Restate all of the following data exactly, keeping any images out of the copy.
◆ ◆ ◆ ◆ ◆ ◆ ◆
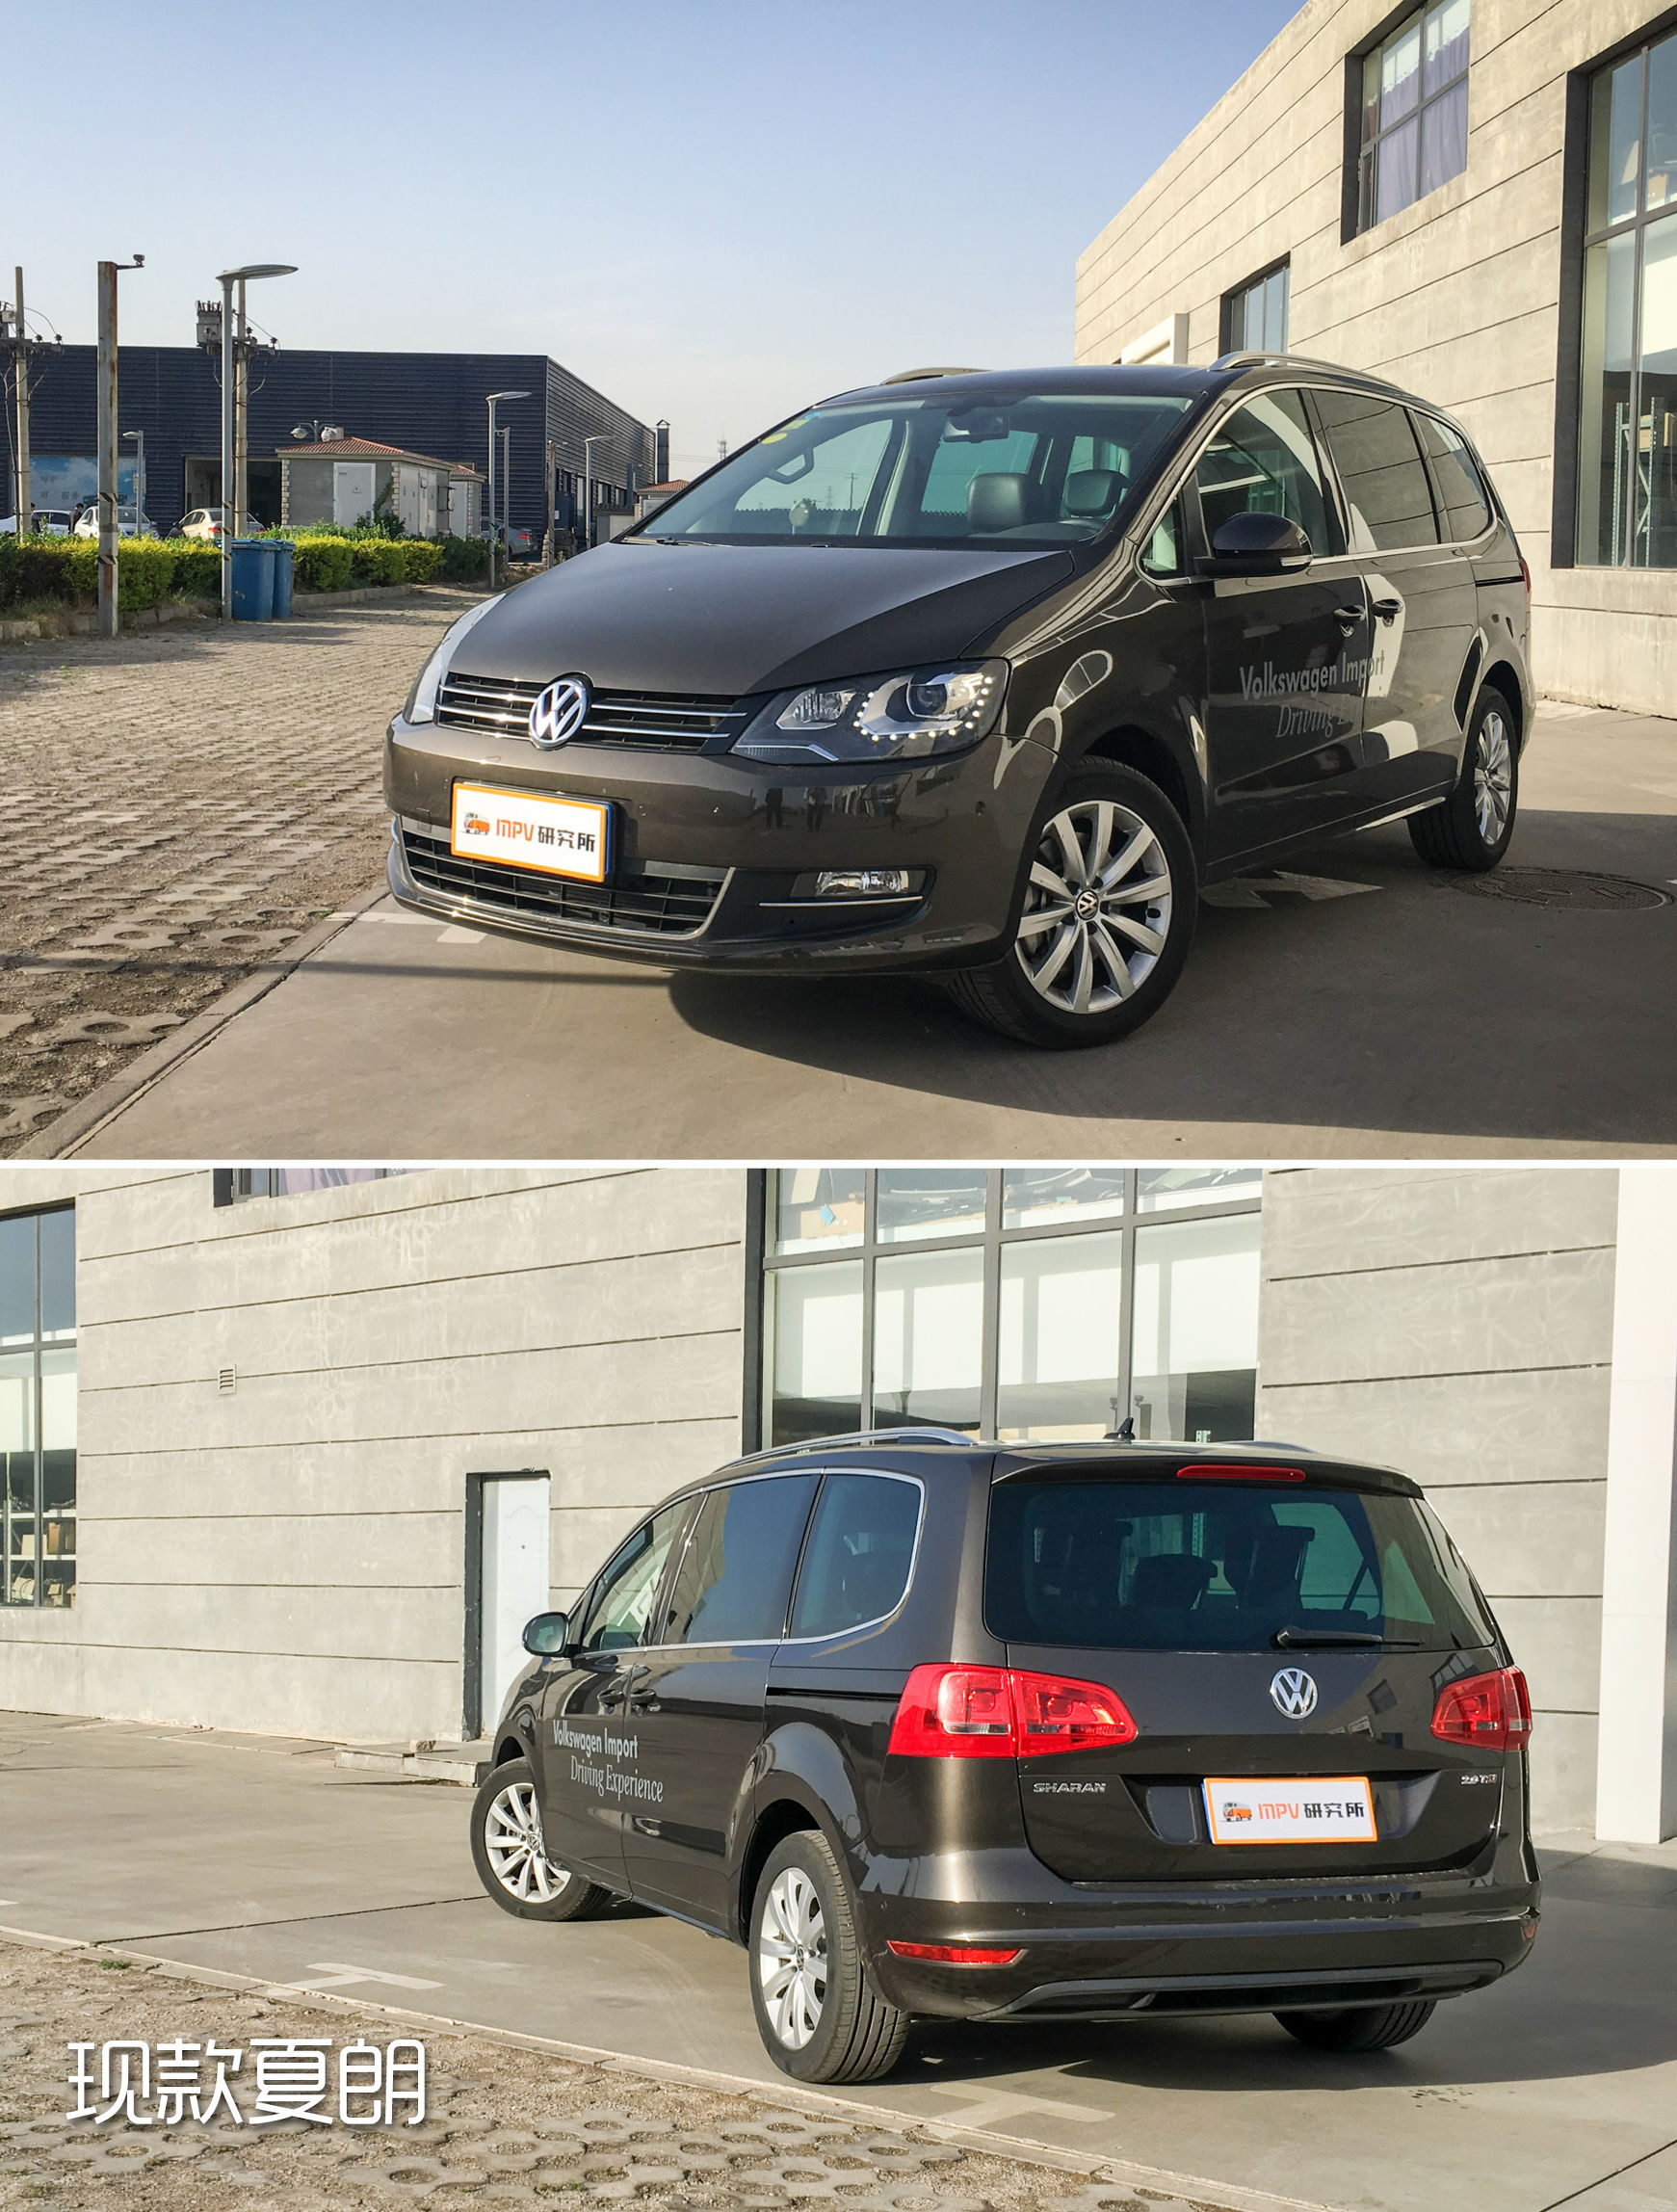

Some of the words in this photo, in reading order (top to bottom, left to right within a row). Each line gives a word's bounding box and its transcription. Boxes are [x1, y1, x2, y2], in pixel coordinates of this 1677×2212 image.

[1240, 661, 1337, 699] Volkswagen
[1342, 650, 1385, 687] Import
[496, 818, 534, 841] MPV
[537, 826, 595, 852] 研究所
[553, 1720, 602, 1758] Volkswagen
[604, 1727, 638, 1763] Import
[571, 1755, 604, 1797] Driving
[606, 1764, 664, 1803] Experience
[1033, 1782, 1107, 1793] SHARAN
[1258, 1804, 1298, 1820] MPV
[1303, 1802, 1364, 1819] 研究所
◆ ◆ ◆ ◆ ◆ ◆ ◆
## [Finished exercise]
Some of the words in this photo, in reading order (top to bottom, left to right within a row). Each line gives a word's bounding box and its transcription. Boxes are [x1, y1, x2, y2], in pixel coordinates of this 1677×2212 image.

[1240, 661, 1337, 699] Volkswagen
[1342, 650, 1385, 687] Import
[496, 818, 534, 841] MPV
[537, 826, 595, 852] 研究所
[553, 1720, 602, 1758] Volkswagen
[604, 1727, 638, 1763] Import
[571, 1755, 604, 1797] Driving
[606, 1764, 664, 1803] Experience
[1033, 1782, 1107, 1793] SHARAN
[1258, 1804, 1298, 1820] MPV
[1303, 1802, 1364, 1819] 研究所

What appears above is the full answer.